Despite extensive research on minority education and regional disparities, there is a paucity of comprehensive, cross-country analyses focusing specifically on the combined effects of language policy, socio-economic context, and settlement type on the higher education admission outcomes of ethnic Hungarian students in the Carpathian Basin. This study aims to address this gap in literature.

Based on the literature presented, this study examines the admission outcomes of ethnic Hungarian students in the Carpathian Basin within a theoretical framework based on three main pillars. To guide our investigation, we formulated the following research questions: 1. To what extent do the institutional framework and access to mother-tongue education correlate with the university admission scores of ethnic Hungarian students from different countries? 2. What is the relationship between the prevalence of advanced-level examinations and weighted average admission scores, and how do these factors contribute to regional performance disparities? 3. Does settlement type significantly predict university admission outcomes for this specific ethnic minority population, or are other factors more influential? From this triple theoretical lens, the following hypotheses are formulated:

Hypothesis 1 (H1).

Students perform better in terms of tertiary enrolment in countries with an institutional framework supported by the EU and access to education in their mother tongue (Kemény-Gombkötő & Popova, 2021; Vančo & Kondratieva, 2021; Wiczanowska & Szoszkiewicz, 2018), than in regions (Serbia, Ukraine) where these comprehensive support systems are limited or absent (Kincses & Papp, 2020; Papp, 2014; Pusztai & Márkus, 2019).

Hypothesis 2 (H2).

Data ranked by country group and weighted averages of admission scores reveal regional disparities. However, students from countries with higher participation in the Hungarian national system and better pass rates on advanced level exams tend to achieve more stable and improved result (Demeter et al., 2024; Jakaitiene et al., 2020).

Hypothesis 3 (H3).

The type of municipality does not serve as a significant predictor of admission outcomes, and no notable correlation can be identified between place of residence and scores (Buza & Istrate, 2022; Ristić et al., 2021; Urbonienė & Koverienė, 2018).

2. Materials and Methods

This study used a quantitative, cross-sectional research design involving the secondary analysis of a university admissions database. The aim was to examine spatial disparities and the factors influencing the academic performance of ethnic Hungarian minority students.
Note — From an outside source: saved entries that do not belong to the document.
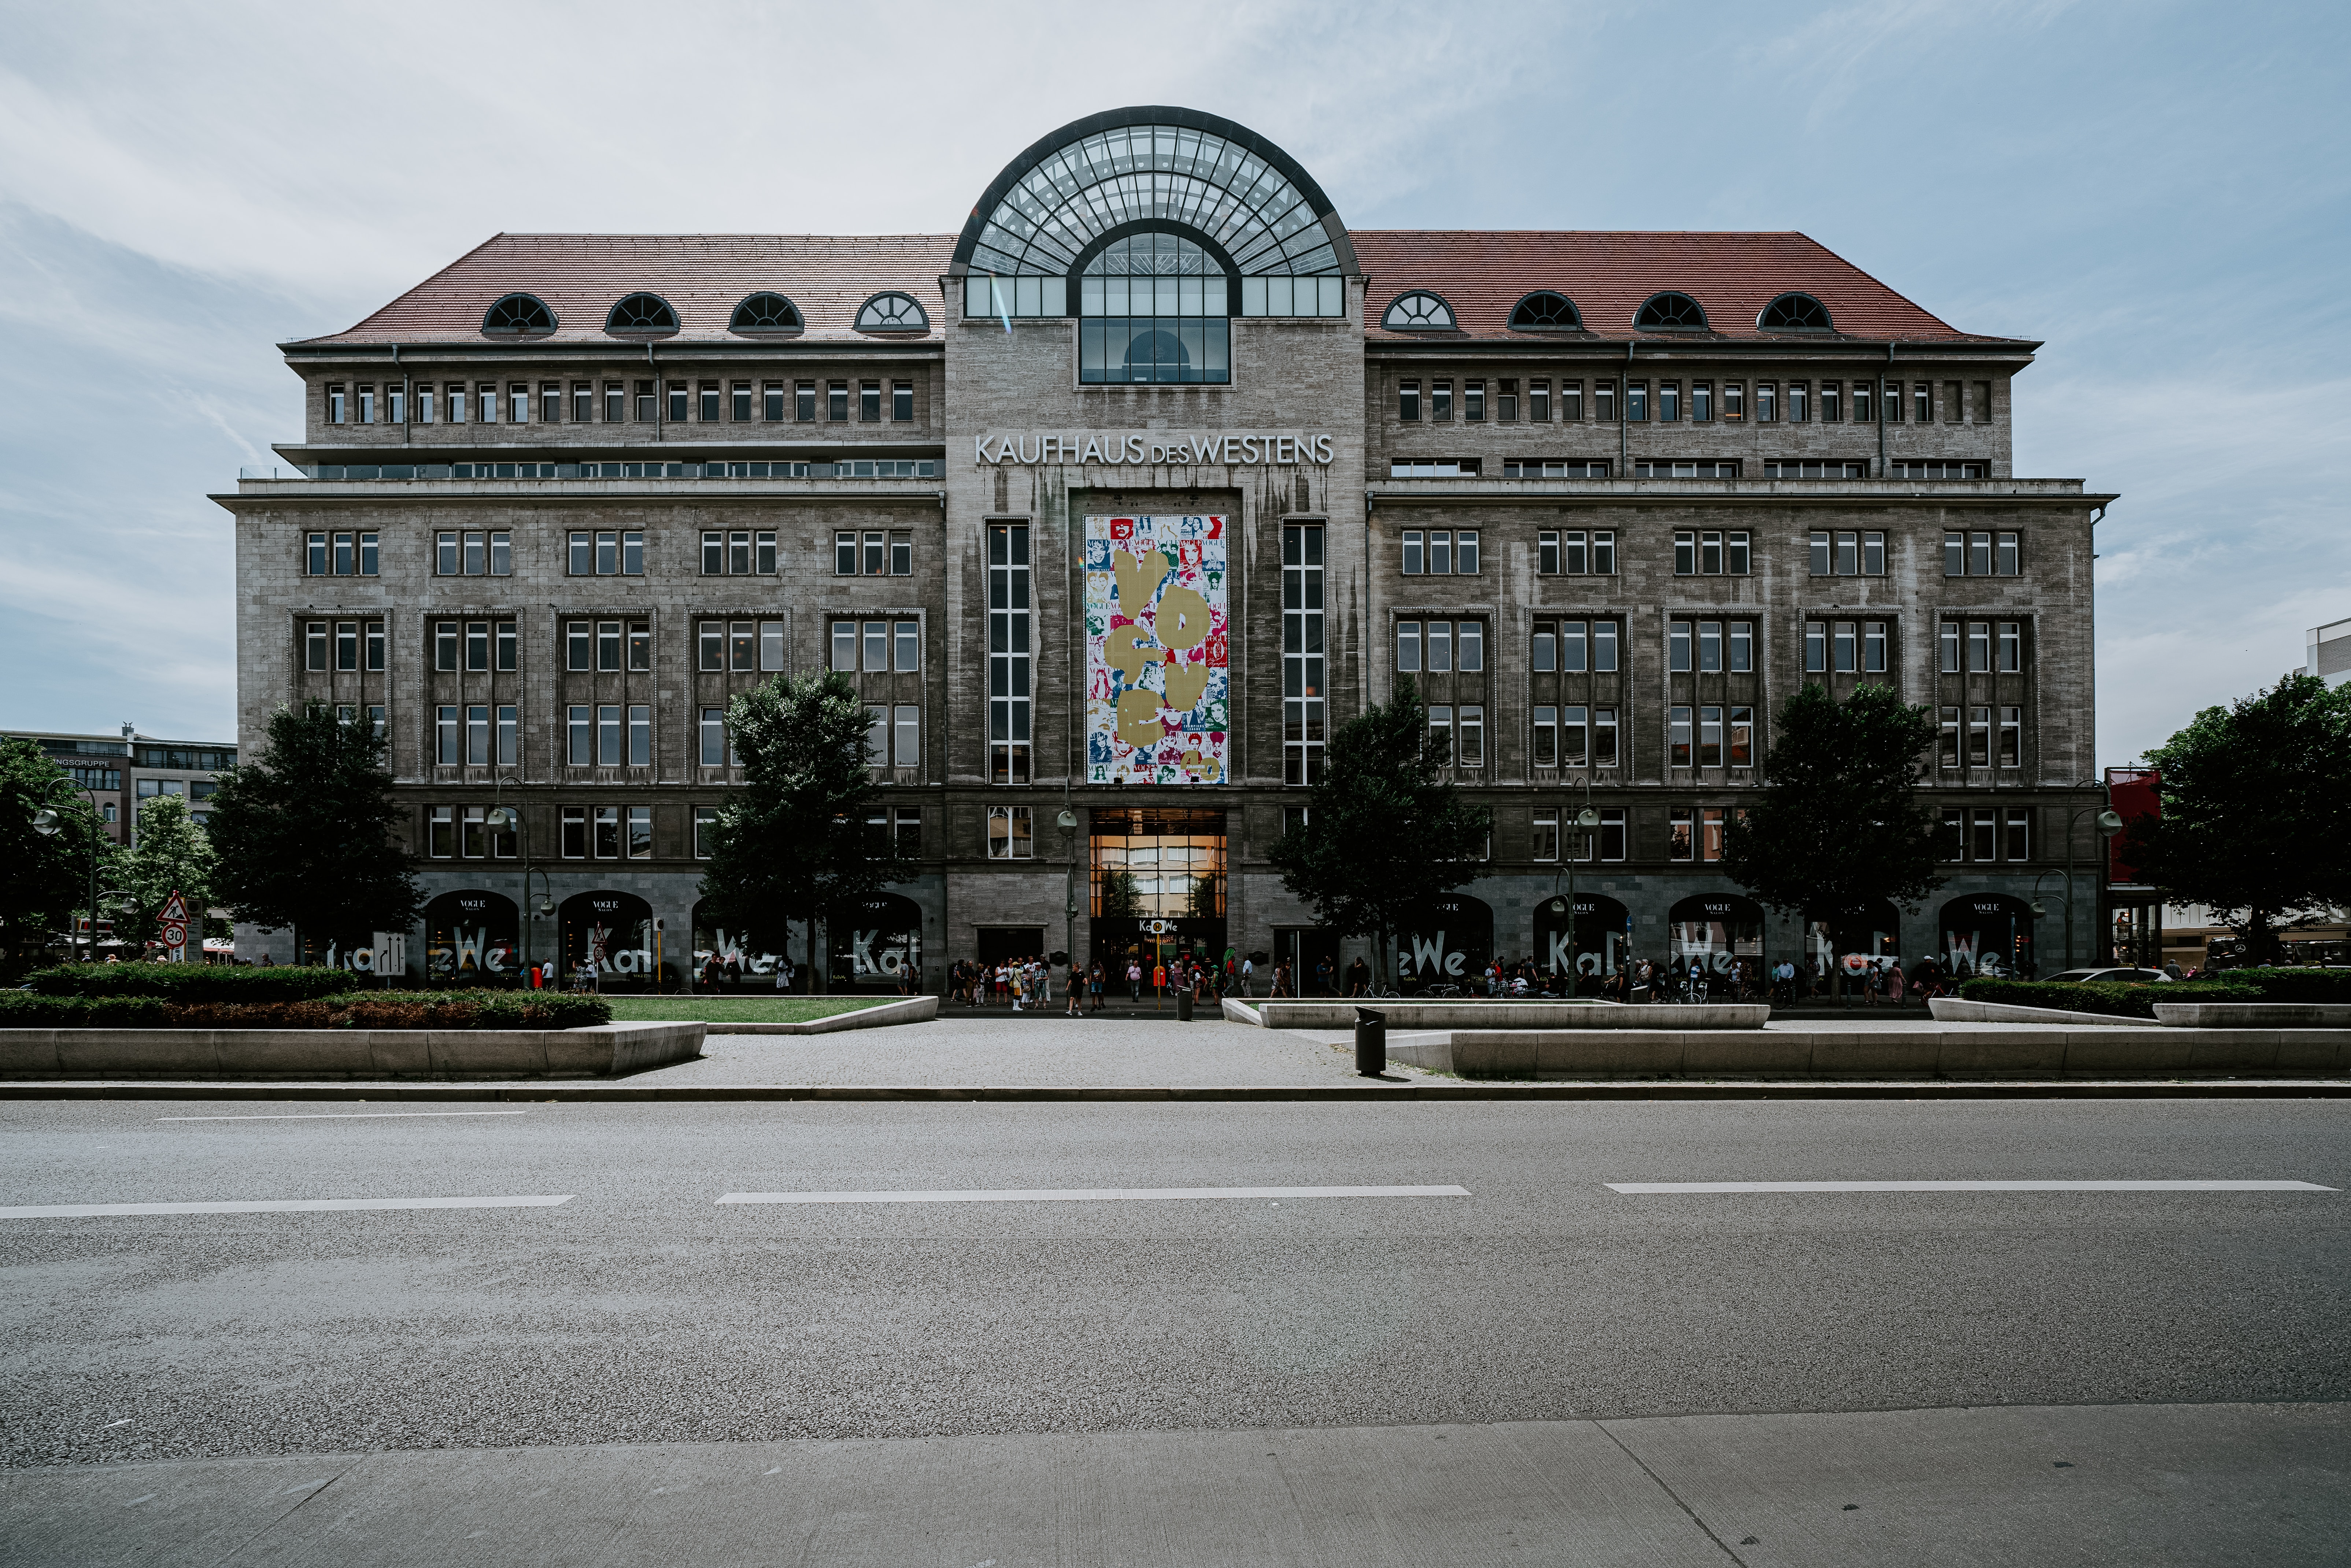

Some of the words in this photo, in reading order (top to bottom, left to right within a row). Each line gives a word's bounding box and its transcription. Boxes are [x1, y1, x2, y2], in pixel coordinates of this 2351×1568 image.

[976, 434, 1145, 465] KAUFHAUS
[1151, 444, 1190, 465] DES
[1189, 434, 1334, 465] WESTENS
[1180, 750, 1220, 781] 40
[1139, 920, 1178, 931] KaWe
[167, 929, 182, 941] 30
[596, 949, 603, 957] 30
2.1. Presentation of the Area

The Carpathian Basin is a significant geographical region in Hungarian consciousness, circumscribed by the Carpathians, Dinaric Mountains, and Alps. It is synonymous with historical Hungary and is considered a level of the homeland by many Hungarians (Molnár & Papp, 2022). Several Hungarian communities reside in neighboring countries, with the largest populations of ethnic Hungarians abroad found in Slovakia, Ukraine, Romania, and Serbia. A smaller number of Hungarians also reside in parts of Slovenia, Croatia, and Austria that border Hungary (Péti et al., 2020). Over the past few decades, the number of Hungarians in the Carpathian Basin has declined from 12.9 million in 1990 to 11.5 million between 2012 and 2016. As of recent data, approximately 16% of Hungarians live in bordering countries (Kapitány, 2015). The key factors determining student mobility in the region include the quality of the academic environment, the capacity for educational migration, and institutional conditions (Semiv et al., 2023).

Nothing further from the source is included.